Nadat hij direct na de oorlog eerst veel kamermuziek en in 1948 en 1950 zijn meest belangrijke koorwerken (Missa ‘Dona nobis pacem' en ‘Passionsbericht des Matthäus') had gecomponeerd, pakt hij pas in 1953 met drie Partita's en het ‘Böhmisches Orgelbuch' de draad van het kerklied weer op. Ook in zijn ‘Sonate' uit 1958 gaat hij daarna uit van 3 kerkliederen en niet toevallig is dat hij daarbij Kerst-, Passie- en Paasliederen gebruikt: ‘Gelobet seist du, Jesu Christ', O Haupt voll Blut und Wunden' en Christ ist erstanden'. Verder schreef hij ‘Hymnen' (1954), de ‘Zwölf Choralvorspiele für Orgel manualiter' (1958), '25 Orgelchoräle nach Sätzen des Spandauer Chorbuches' (1960) en tenslotte de reeds genoemde ‘Praeludia/Postludia' uit 1969.

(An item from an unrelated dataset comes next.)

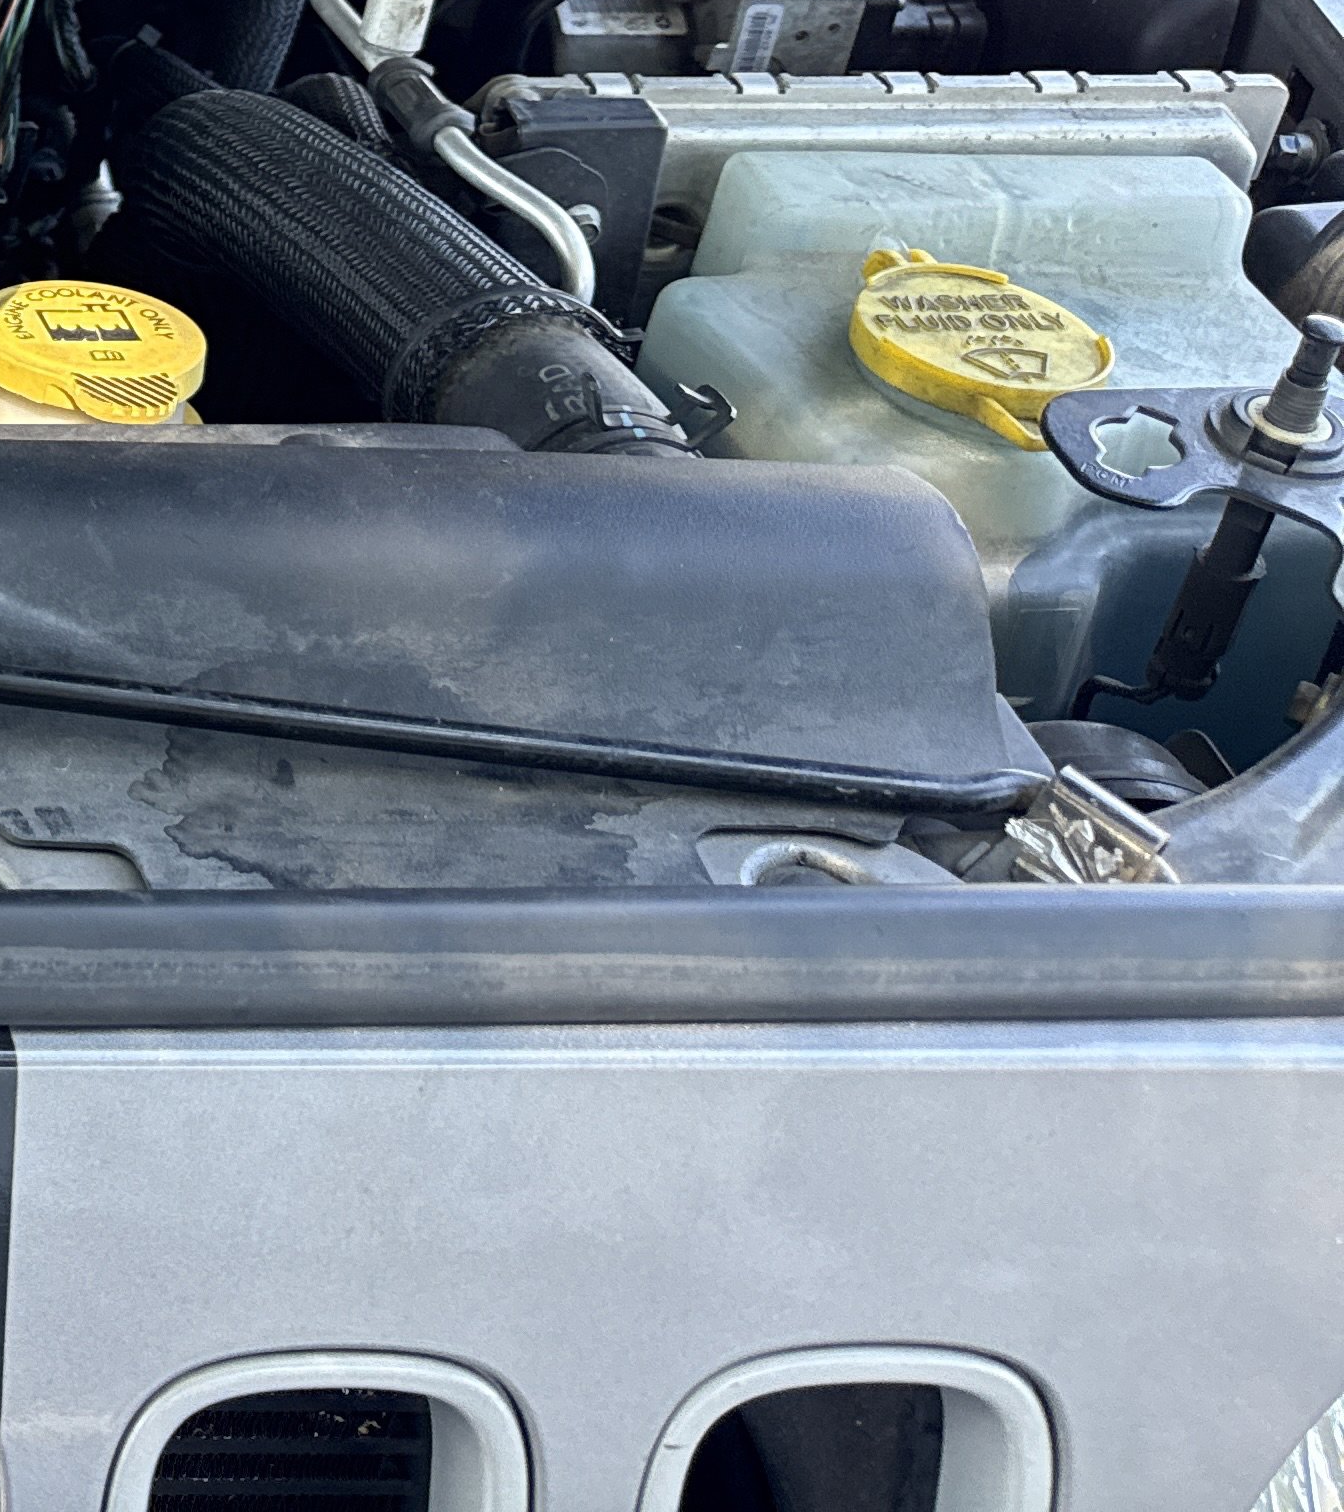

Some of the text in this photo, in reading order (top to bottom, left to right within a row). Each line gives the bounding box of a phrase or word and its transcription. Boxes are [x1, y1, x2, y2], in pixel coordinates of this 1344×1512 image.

[878, 293, 1031, 312] WASHER
[4, 288, 175, 340] ENGINE COOLANT ONLY
[873, 311, 1067, 333] FLUID ONLY

In één van de zeer weinige interviews die Pepping in zijn leven heeft gegeven, vertelt hij waarom hij zich zozeer tot het kerklied (en het volkslied) aangetrokken heeft gevoeld. Het was zeker niet alleen de hierboven genoemde brugfunctie tussen de gemeente en de kunst, maar evenzeer paste het muzikale idioom van het kerklied, en dan vooral de taal van de oude kerktoonsoorten goed bij zijn zorgvuldig geformuleerde uitgangspunten. In een gesprek met Oskar Söhngen sprak hij van het loskomen van de invloed van de klassieke/romantische periode met zijn voorspelbare zinsbouw en even voorspelbare harmonische ontwikkeling en keek hij naar de ‘voor-Bachse' periode waarin het koraal ideale bouwstenen kunnen zijn voor het heldere polyfone lijnenspel. De zelfstandigheid van de stemmen was voor hem een belangrijk gegeven en de in deze jaren bloeiende ‘Orgelbewegung' stond daarbij tevens aan zijn zijde. (Zelfstandigheid van de afzonderlijke werken, de doorzichtigheid van de klank, het gebruik van barokke vormen, etc). Daarnaast sprak Pepping over de ‘eenvoud' van het kerklied. Hoewel hij in zijn eerste (revolutionaire) jaren wel degelijk experimentele muziek had gecomponeerd en groots opgezette orkestwerken had geschreven, is hij op den duur steeds meer de innerlijke kracht en de eenvoud van het kerklied gaan inzien.

Boheemse Broeders

Opvallend is dat Pepping naast liederen van Martin Luther en Paul Gerhardt vooral veel liederen heeft bewerkt van de Boheemse Broeders. Naast de muzikale taal van de melodieën wist Pepping zich ook gegrepen door de eenvoudige geloofstaal die in deze liederen verborgen is. Hoewel hij zich nooit heeft uitgelaten over dogma's en geloofsvragen, kan het niet anders dan dat hij een intensief geloofsleven heeft gehad. Iedere keer weet hij verrassende exegetische lijnen te trekken, overtuigende accenten te leggen en dit alles met een enorme zeggingskracht. Het lijkt een grote tegenstelling dat de koele vormen van zijn composities worden verbonden met de toch ietwat piëtistische geloofstaal van een Paul Gerhardt en de eerlijke, bewogen en primitieve teksten van de Boheemse Broeders. Maar het was juist in deze objectieve vormen dat hij de subjectieve inhoud volledig tot zijn recht kon laten komen.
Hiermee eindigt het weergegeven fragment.